In the Arnesh Kumar v State of Bihar, a wife had alleged that her father in-law and mother-in law had demanded Rs 8 lakhs, a car, an air conditioner etc. in the form of dowry. When her family failed to pay this, she was threatened by her husband for second marriage and drove her out of the house. The Supreme Court however observed that there were several frivolous complaints lodged by women to falsely implicate their in-laws and thus laid down a checklist of nine criteria which must be complied with before arresting a person under Section 498A of IPC.

2017 Judgement

In the recent Rajesh Sharma and Ors. v State of UP case also, a woman had complained of dowry demand by her in-laws subsequent to which she was dropped at her matrimonial home when she was pregnant. She had to go through trauma and had a miscarriage followed by her in-laws taking away her stridhan. The Court in this case gave further stringent criteria for determination of case under Section 498A.

  • It mandates the setting up of a family welfare committee in every district for scrutinizing the dowry harassment cases.
  • The members of this committee shall be social workers or persons interested in the subject.
  • The members shall be paid an honorarium.
  • The police has to look into the recommendations of these committees before making any arrests.

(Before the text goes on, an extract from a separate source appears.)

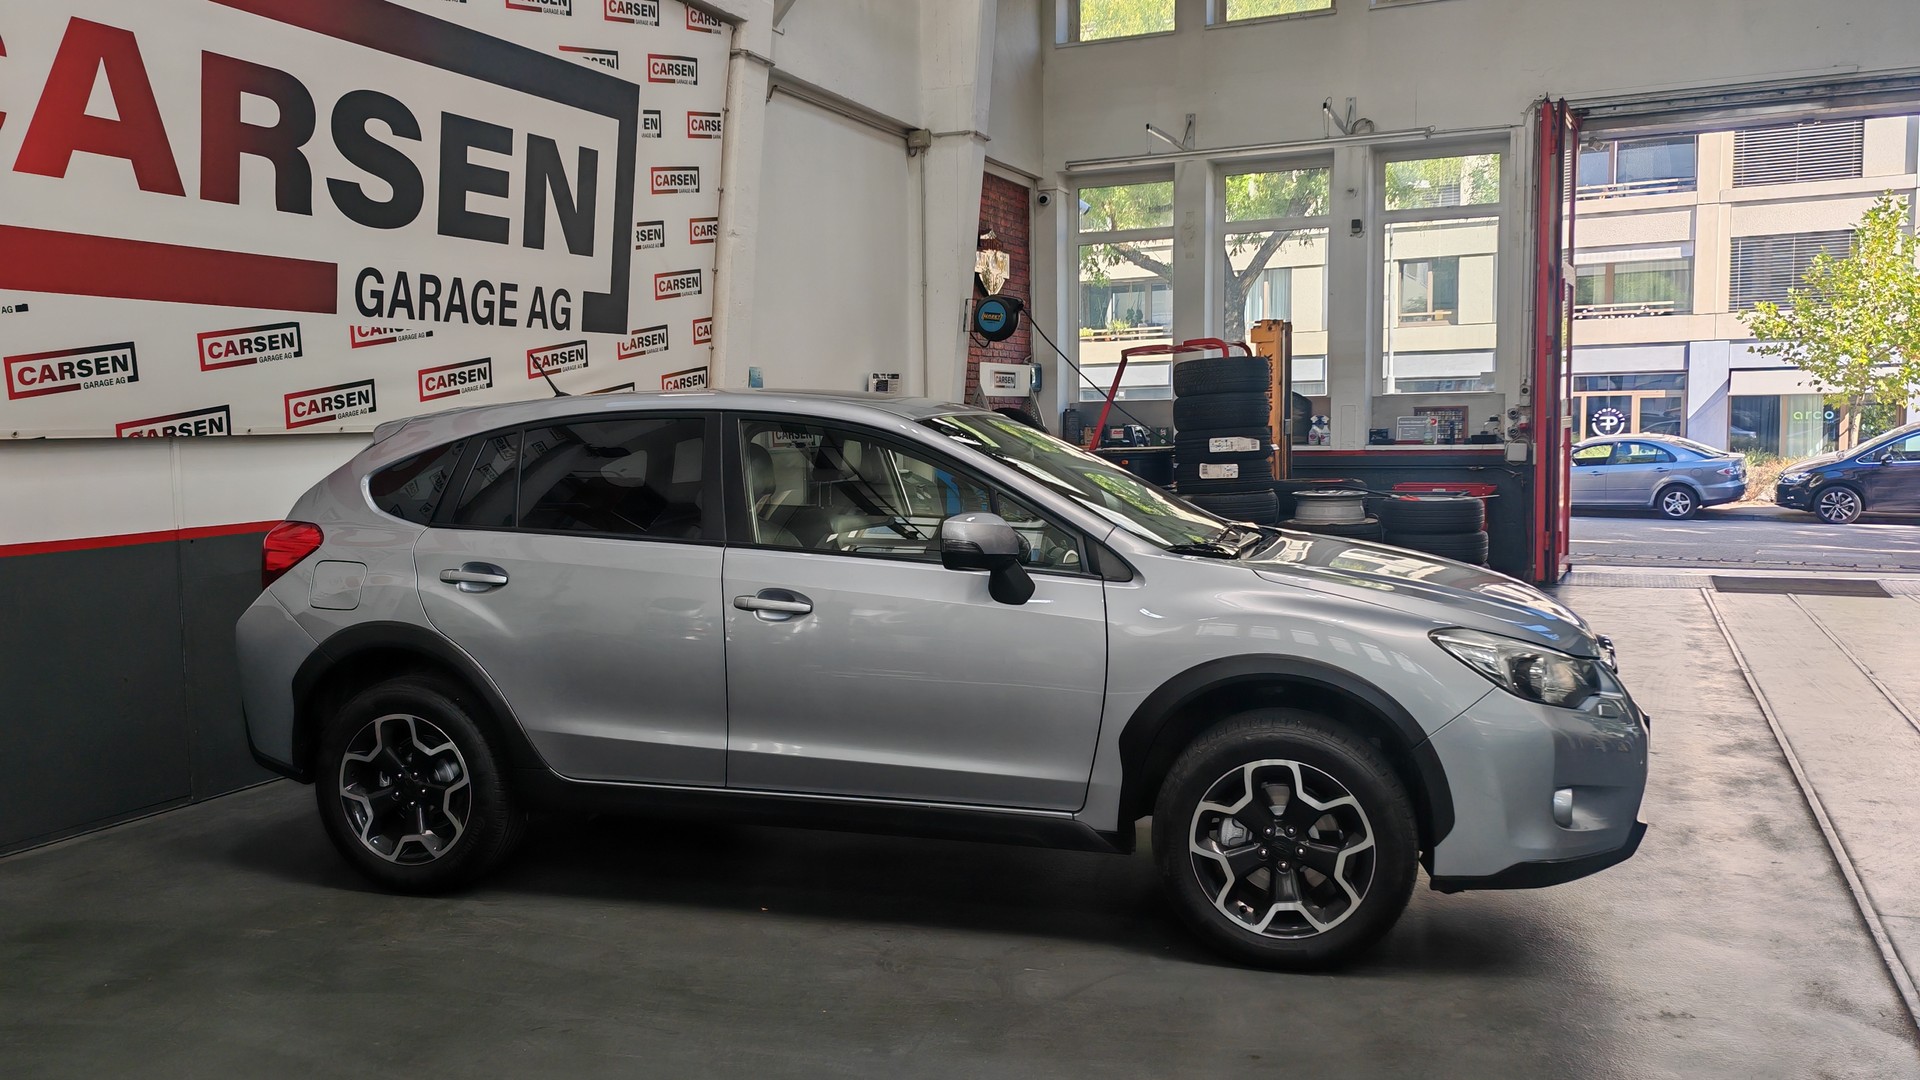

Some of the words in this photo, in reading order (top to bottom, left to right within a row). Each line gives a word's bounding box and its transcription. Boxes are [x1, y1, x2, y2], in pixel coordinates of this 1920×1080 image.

While some groups consider these judgements as a positive move towards preventing false implications using the Section 498A route, it has raised serious concerns among the women activists groups. The judgements have been accused of promoting the patriarchal viewpoint of the society, ignoring the sentiments of the victims. There are claims that no legislations has drawn in so much controversies in India’s history since independence like the Section 498A. The purpose of the provision to provide relief to the women facing harassment in their matrimonial homes including dowry deaths or cruelty has been overlooked. The Court drawing conclusion from the 2012 data that since 47,951 women have been arrested, observed that the complaints were trivial or frivolous. But the true picture is that only issues found worthy of charge sheeting by the police are recorded. The slow judicial process has also forced many women to go for settlement than justice. Comparison has also been drawn with laws like that of penalizing dishonor of cheques. These groups have raised the question that while the misuse of these laws is not given that due attention, laws relating to the offences that empower women always cause huge debate and consequently loopholes in them are identified. The focus here is thus mainly the accused and not the women who may genuinely seek relief from the court. In this way, the court has overlooked the main objective of a penal provision to give full protection to the victim while reviewing it. The provision has not been able to control dowry deaths which have been at the rate of 20 per day from 2012 to 2014. Thus, the judgements in this manner have eroded the interests of the large groups of women and taken a step back in the achievement of gender equality.